— Aim of the exercise —
Word for word, restate every line from the one with "this 1280×1706 image." through the end of the records below, both included, and add nothing.

— Data —
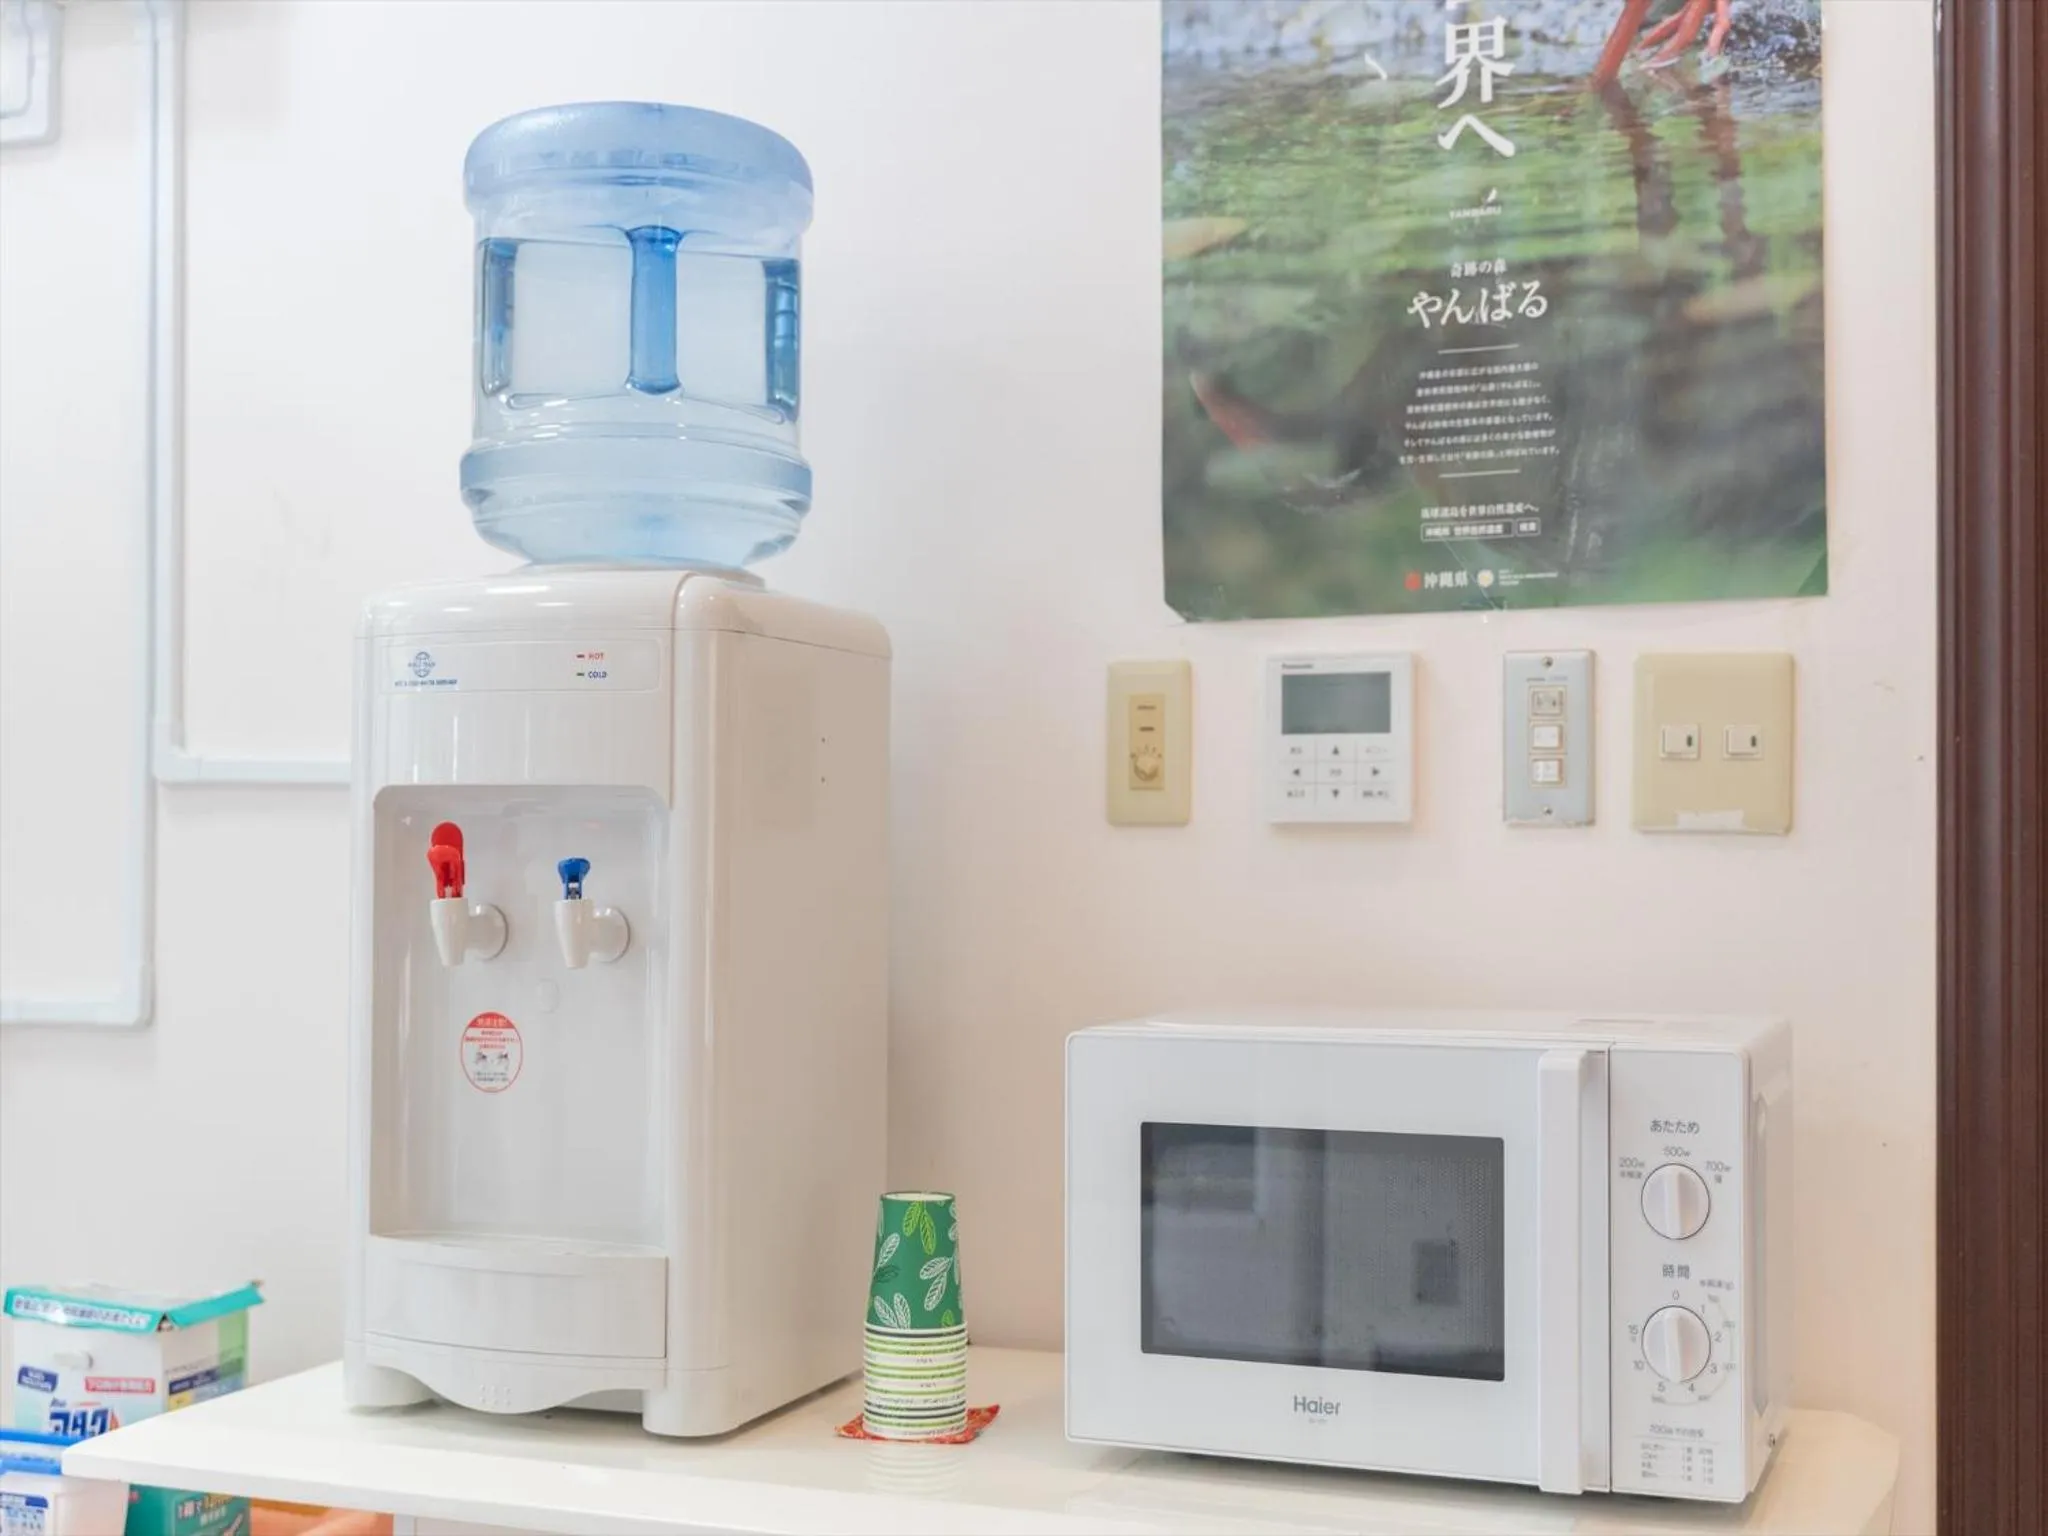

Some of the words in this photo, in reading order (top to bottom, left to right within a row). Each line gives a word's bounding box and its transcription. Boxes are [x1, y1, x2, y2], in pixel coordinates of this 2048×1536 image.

[1436, 0, 1515, 157] 界へ
[1450, 258, 1507, 278] 奇跡の森
[1406, 280, 1548, 329] やんばる
[1424, 571, 1468, 590] 沖縄県
[588, 670, 607, 679] COLD
[1650, 1120, 1700, 1134] あたため
[1663, 1264, 1690, 1279] 時間
[1294, 1395, 1340, 1415] Haier
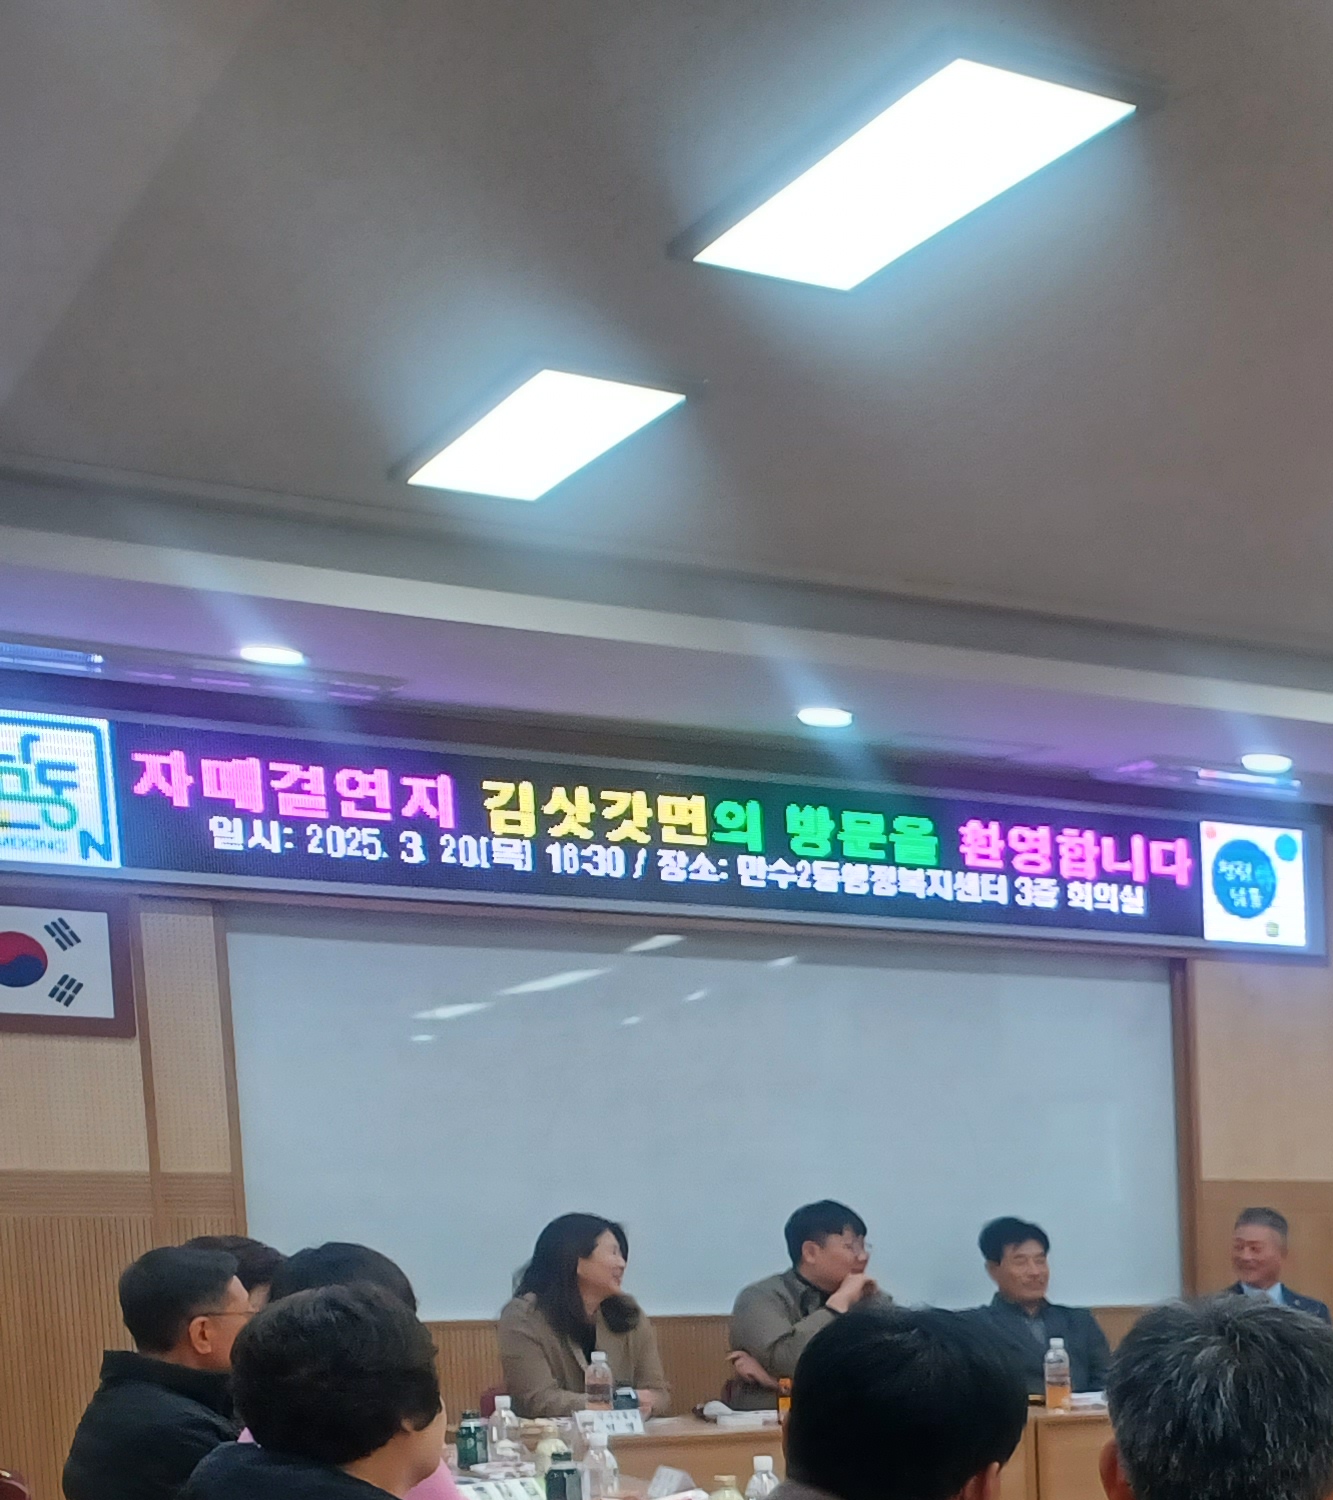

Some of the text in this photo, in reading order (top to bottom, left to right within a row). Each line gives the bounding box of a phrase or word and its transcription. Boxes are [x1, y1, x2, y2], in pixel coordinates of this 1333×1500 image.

[131, 750, 1192, 886] 자매결연지 김삿갓면의 방문을 환영합니다
[208, 815, 294, 853] 일시:
[306, 824, 390, 861] 2025.
[657, 848, 729, 882] 장소:
[1067, 881, 1146, 915] 회의실
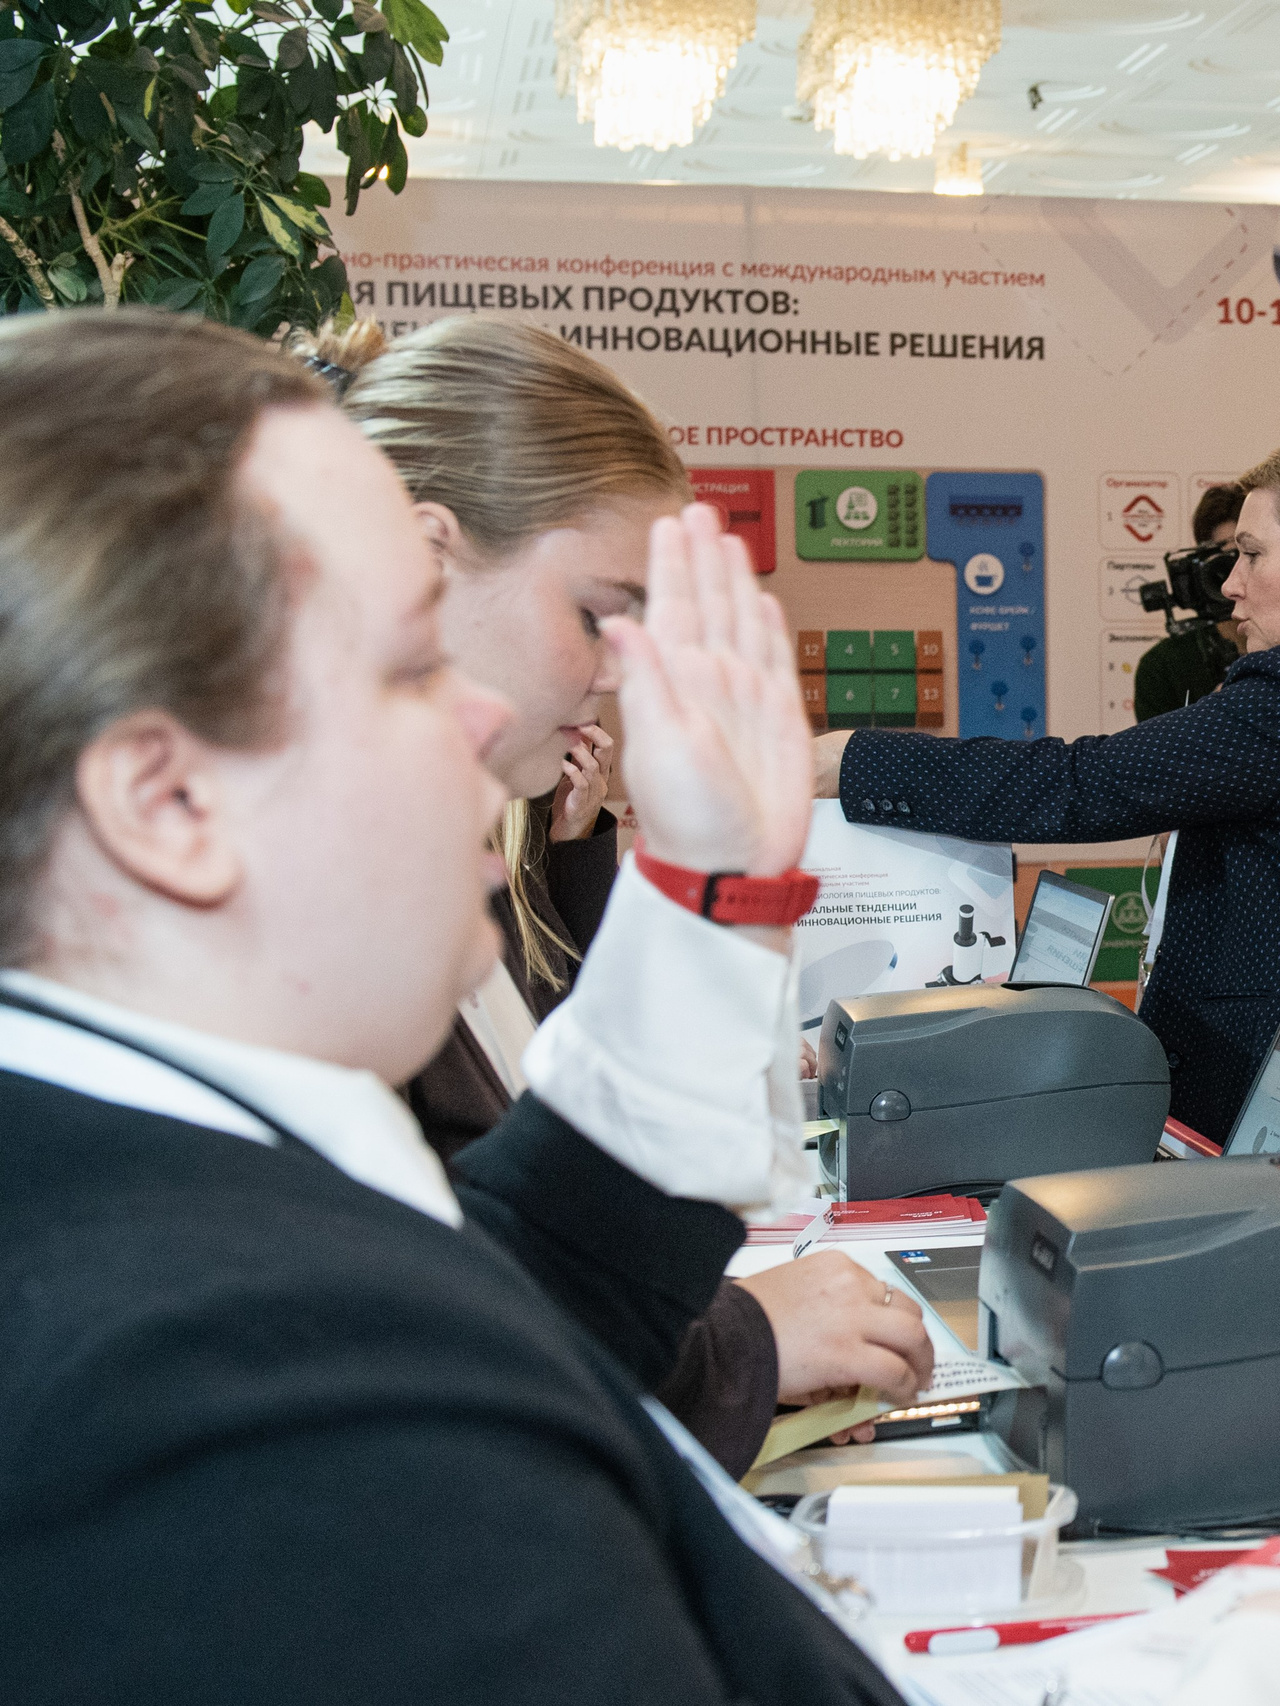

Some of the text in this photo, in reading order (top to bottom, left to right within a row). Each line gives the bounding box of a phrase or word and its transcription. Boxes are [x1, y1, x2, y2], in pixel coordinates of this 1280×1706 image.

[343, 252, 1046, 287] но-практическая конференция с международным участием
[386, 281, 573, 313] ПИЩЕВЫХ
[582, 285, 800, 318] ПРОДУКТОВ:
[560, 324, 1045, 361] ИННОВАЦИОННЫЕ РЕШЕНИЯ
[706, 426, 904, 448] ПРОСТРАНСТВО
[817, 892, 854, 900] ИОЛОГИЯ
[855, 890, 894, 899] ПИЩЕВЫХ
[855, 902, 917, 914] ТЕНДЕНЦИИ
[797, 913, 943, 927] ИННОВАЦИОННЫЕ РЕШЕНИЯ

— Answer box —
Some of the text in this photo, in reading order (top to bottom, left to right within a row). Each line gives the bounding box of a phrase or word and its transcription. Boxes are [x1, y1, x2, y2], in pixel coordinates of this 1280×1706 image.

[343, 252, 1046, 287] но-практическая конференция с международным участием
[386, 281, 573, 313] ПИЩЕВЫХ
[582, 285, 800, 318] ПРОДУКТОВ:
[560, 324, 1045, 361] ИННОВАЦИОННЫЕ РЕШЕНИЯ
[706, 426, 904, 448] ПРОСТРАНСТВО
[817, 892, 854, 900] ИОЛОГИЯ
[855, 890, 894, 899] ПИЩЕВЫХ
[855, 902, 917, 914] ТЕНДЕНЦИИ
[797, 913, 943, 927] ИННОВАЦИОННЫЕ РЕШЕНИЯ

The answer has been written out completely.